== EXCERPTED RECORDS
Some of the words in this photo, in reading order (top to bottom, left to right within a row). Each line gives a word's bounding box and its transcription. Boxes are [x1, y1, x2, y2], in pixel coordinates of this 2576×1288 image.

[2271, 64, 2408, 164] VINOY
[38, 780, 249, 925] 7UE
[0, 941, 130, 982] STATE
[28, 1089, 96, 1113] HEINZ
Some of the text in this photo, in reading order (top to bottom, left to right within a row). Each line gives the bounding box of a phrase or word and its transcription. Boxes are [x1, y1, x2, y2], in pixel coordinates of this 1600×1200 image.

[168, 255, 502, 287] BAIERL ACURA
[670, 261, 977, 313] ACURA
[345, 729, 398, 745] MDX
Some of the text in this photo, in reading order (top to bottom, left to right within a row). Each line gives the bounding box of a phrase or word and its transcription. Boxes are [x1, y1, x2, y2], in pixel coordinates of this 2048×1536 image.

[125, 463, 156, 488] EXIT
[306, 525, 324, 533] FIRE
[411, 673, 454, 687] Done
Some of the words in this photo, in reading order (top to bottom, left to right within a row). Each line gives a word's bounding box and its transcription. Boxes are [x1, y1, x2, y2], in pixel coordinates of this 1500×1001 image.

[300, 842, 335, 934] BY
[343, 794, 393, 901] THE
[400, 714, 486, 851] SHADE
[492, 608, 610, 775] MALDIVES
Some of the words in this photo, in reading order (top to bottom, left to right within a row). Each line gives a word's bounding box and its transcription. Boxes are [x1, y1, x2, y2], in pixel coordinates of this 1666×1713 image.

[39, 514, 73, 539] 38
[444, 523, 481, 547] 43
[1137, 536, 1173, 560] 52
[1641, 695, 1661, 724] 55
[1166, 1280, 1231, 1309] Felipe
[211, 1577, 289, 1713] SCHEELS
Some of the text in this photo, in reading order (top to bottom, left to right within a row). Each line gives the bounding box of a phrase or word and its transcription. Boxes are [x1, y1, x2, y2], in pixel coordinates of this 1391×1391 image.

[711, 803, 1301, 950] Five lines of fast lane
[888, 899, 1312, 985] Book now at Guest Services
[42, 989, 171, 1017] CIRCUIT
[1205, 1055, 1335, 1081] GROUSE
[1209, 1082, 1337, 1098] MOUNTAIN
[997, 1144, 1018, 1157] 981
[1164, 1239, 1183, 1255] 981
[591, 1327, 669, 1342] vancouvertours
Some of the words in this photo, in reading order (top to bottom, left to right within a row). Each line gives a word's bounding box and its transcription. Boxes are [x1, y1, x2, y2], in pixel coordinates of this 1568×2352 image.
====
* **REQUIRED ACTION**
Return only and exactly the lines from the one that contains "this 1666×1713 image." through the final line of the material above.

* **REPLY**
Some of the words in this photo, in reading order (top to bottom, left to right within a row). Each line gives a word's bounding box and its transcription. Boxes are [x1, y1, x2, y2], in pixel coordinates of this 1666×1713 image.

[39, 514, 73, 539] 38
[444, 523, 481, 547] 43
[1137, 536, 1173, 560] 52
[1641, 695, 1661, 724] 55
[1166, 1280, 1231, 1309] Felipe
[211, 1577, 289, 1713] SCHEELS
Some of the text in this photo, in reading order (top to bottom, left to right within a row). Each line gives the bounding box of a phrase or word and its transcription. Boxes are [x1, y1, x2, y2], in pixel coordinates of this 1391×1391 image.

[711, 803, 1301, 950] Five lines of fast lane
[888, 899, 1312, 985] Book now at Guest Services
[42, 989, 171, 1017] CIRCUIT
[1205, 1055, 1335, 1081] GROUSE
[1209, 1082, 1337, 1098] MOUNTAIN
[997, 1144, 1018, 1157] 981
[1164, 1239, 1183, 1255] 981
[591, 1327, 669, 1342] vancouvertours
Some of the words in this photo, in reading order (top to bottom, left to right within a row). Each line gives a word's bounding box and its transcription. Boxes are [x1, y1, x2, y2], in pixel coordinates of this 1568×2352 image.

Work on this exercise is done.